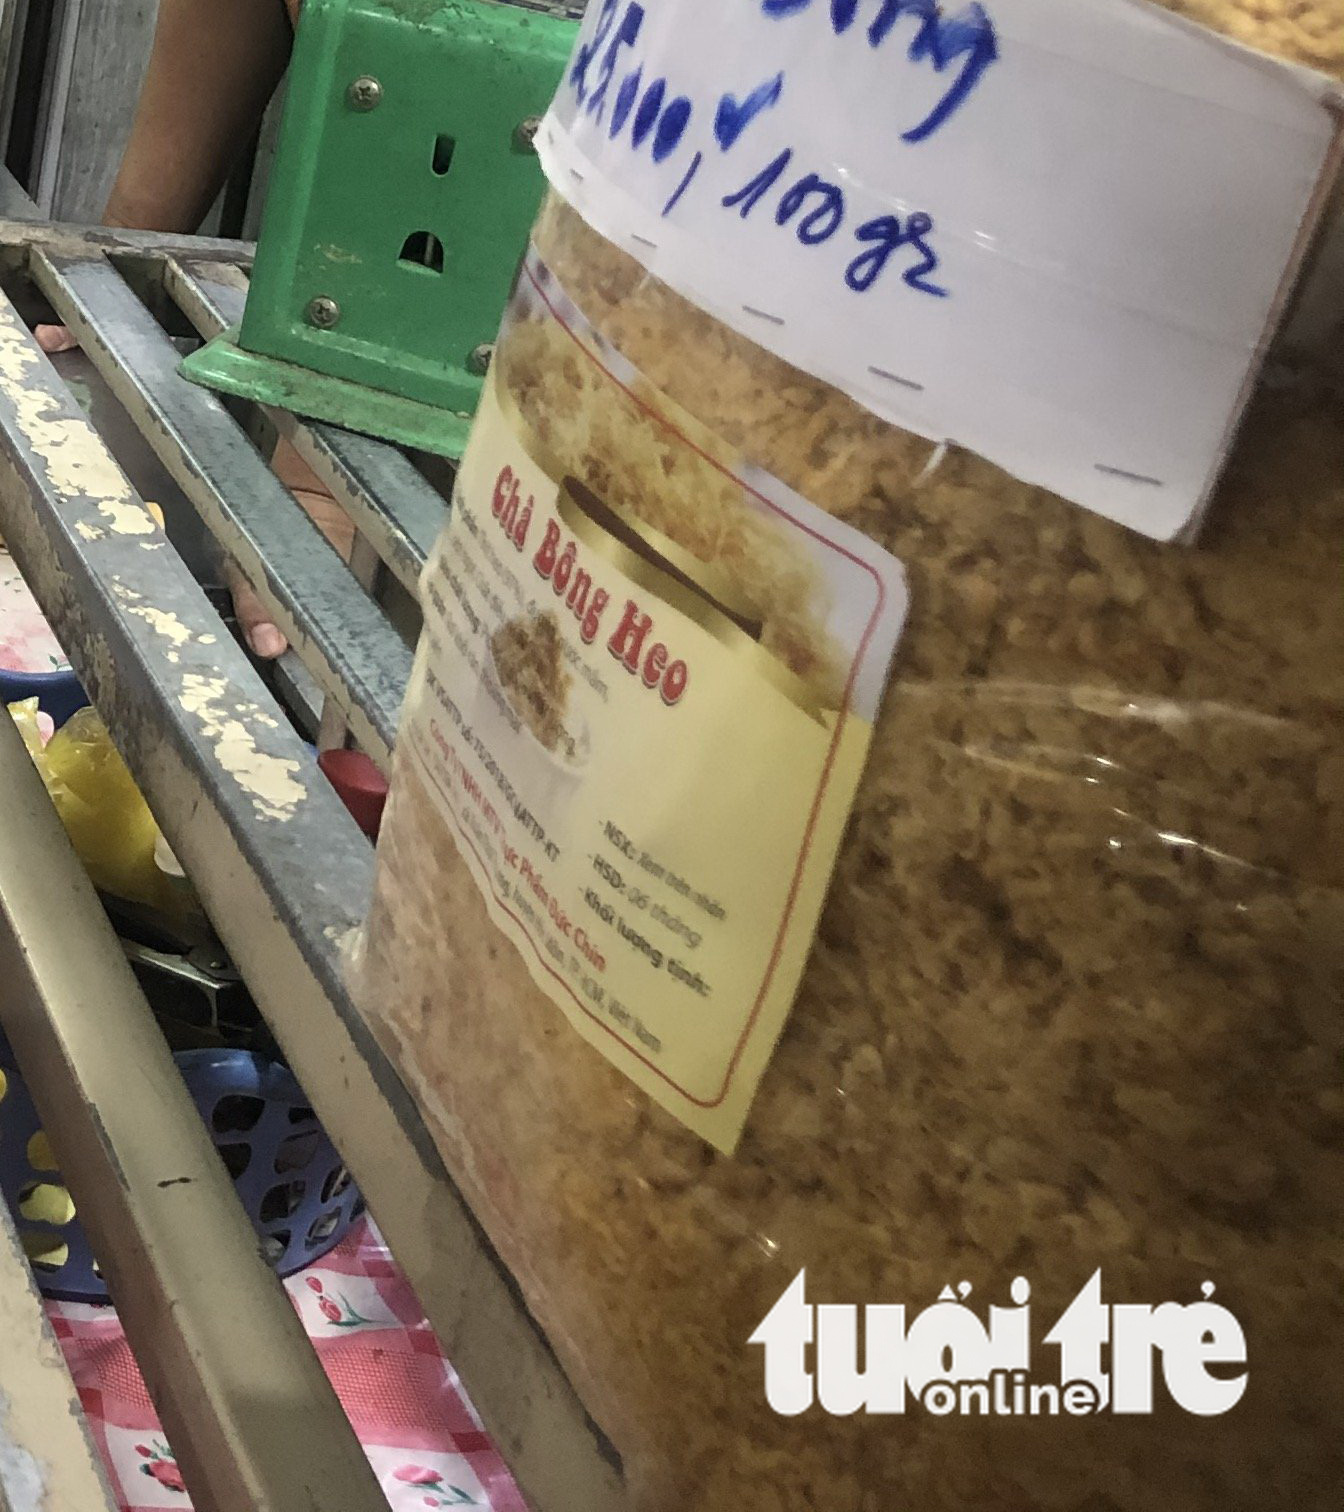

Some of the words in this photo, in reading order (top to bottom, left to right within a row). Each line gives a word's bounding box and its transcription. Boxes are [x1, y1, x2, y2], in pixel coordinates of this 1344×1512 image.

[492, 464, 535, 552] Chả
[532, 517, 610, 645] Bông
[607, 599, 688, 707] Heo
[592, 853, 627, 895] HSD:
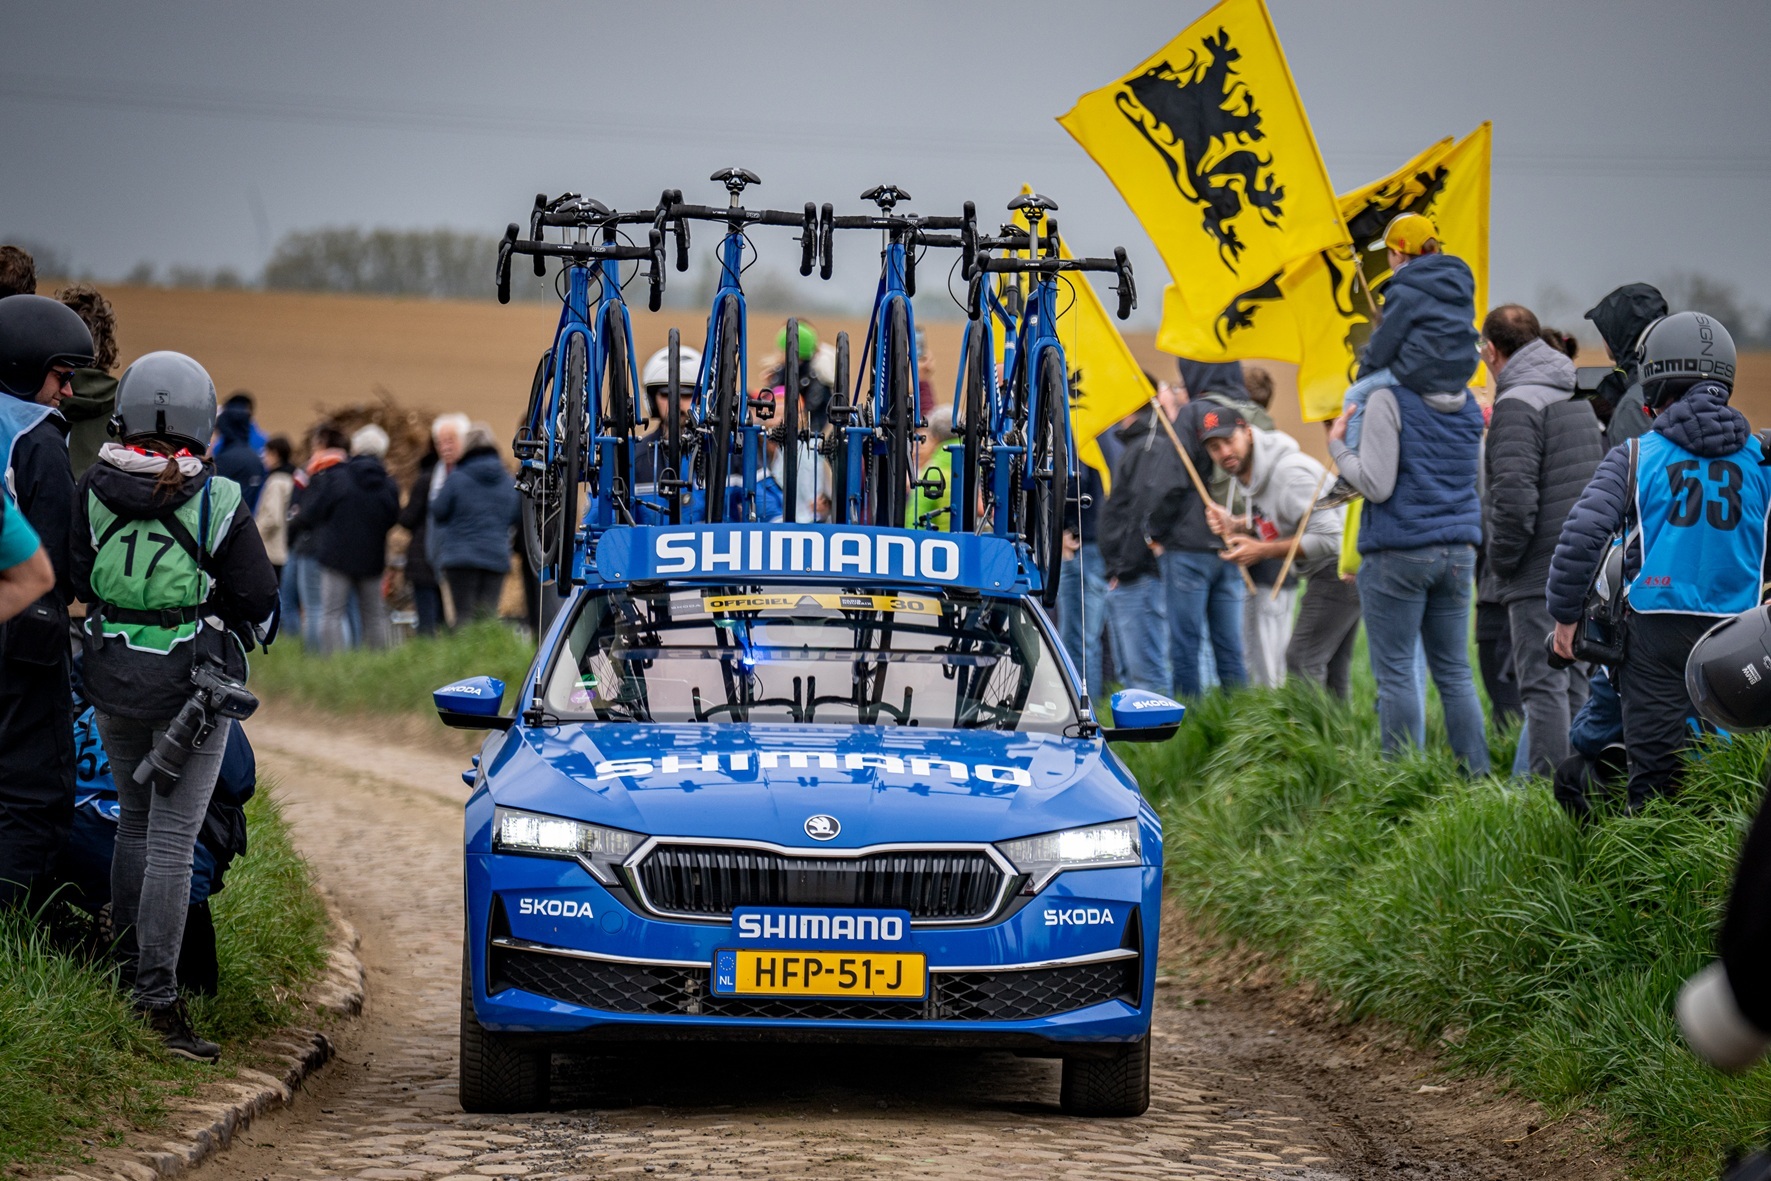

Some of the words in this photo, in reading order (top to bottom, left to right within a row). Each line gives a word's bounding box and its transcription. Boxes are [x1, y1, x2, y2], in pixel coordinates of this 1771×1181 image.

[1665, 459, 1743, 531] 53
[120, 529, 175, 580] 17
[655, 530, 960, 580] SHIMANO
[710, 597, 793, 608] OFFICIEL
[889, 599, 925, 611] 30
[1741, 667, 1758, 686] BMW
[595, 751, 1032, 787] SHIMANO
[738, 914, 903, 941] SHIMANO
[719, 975, 734, 986] NL
[755, 957, 902, 990] HFP-51-J

====

Instructions for the task = Excluding all pictures, reproduce the records exactly as they appear above.

Written solution =
Some of the words in this photo, in reading order (top to bottom, left to right within a row). Each line gives a word's bounding box and its transcription. Boxes are [x1, y1, x2, y2], in pixel coordinates of this 1344×1512 image.

[492, 464, 535, 552] Chả
[532, 517, 610, 645] Bông
[607, 599, 688, 707] Heo
[592, 853, 627, 895] HSD:

Some of the words in this photo, in reading order (top to bottom, left to right within a row). Each line gives a word's bounding box and its transcription. Boxes are [x1, y1, x2, y2], in pixel coordinates of this 1771×1181 image.

[1665, 459, 1743, 531] 53
[120, 529, 175, 580] 17
[655, 530, 960, 580] SHIMANO
[710, 597, 793, 608] OFFICIEL
[889, 599, 925, 611] 30
[1741, 667, 1758, 686] BMW
[595, 751, 1032, 787] SHIMANO
[738, 914, 903, 941] SHIMANO
[719, 975, 734, 986] NL
[755, 957, 902, 990] HFP-51-J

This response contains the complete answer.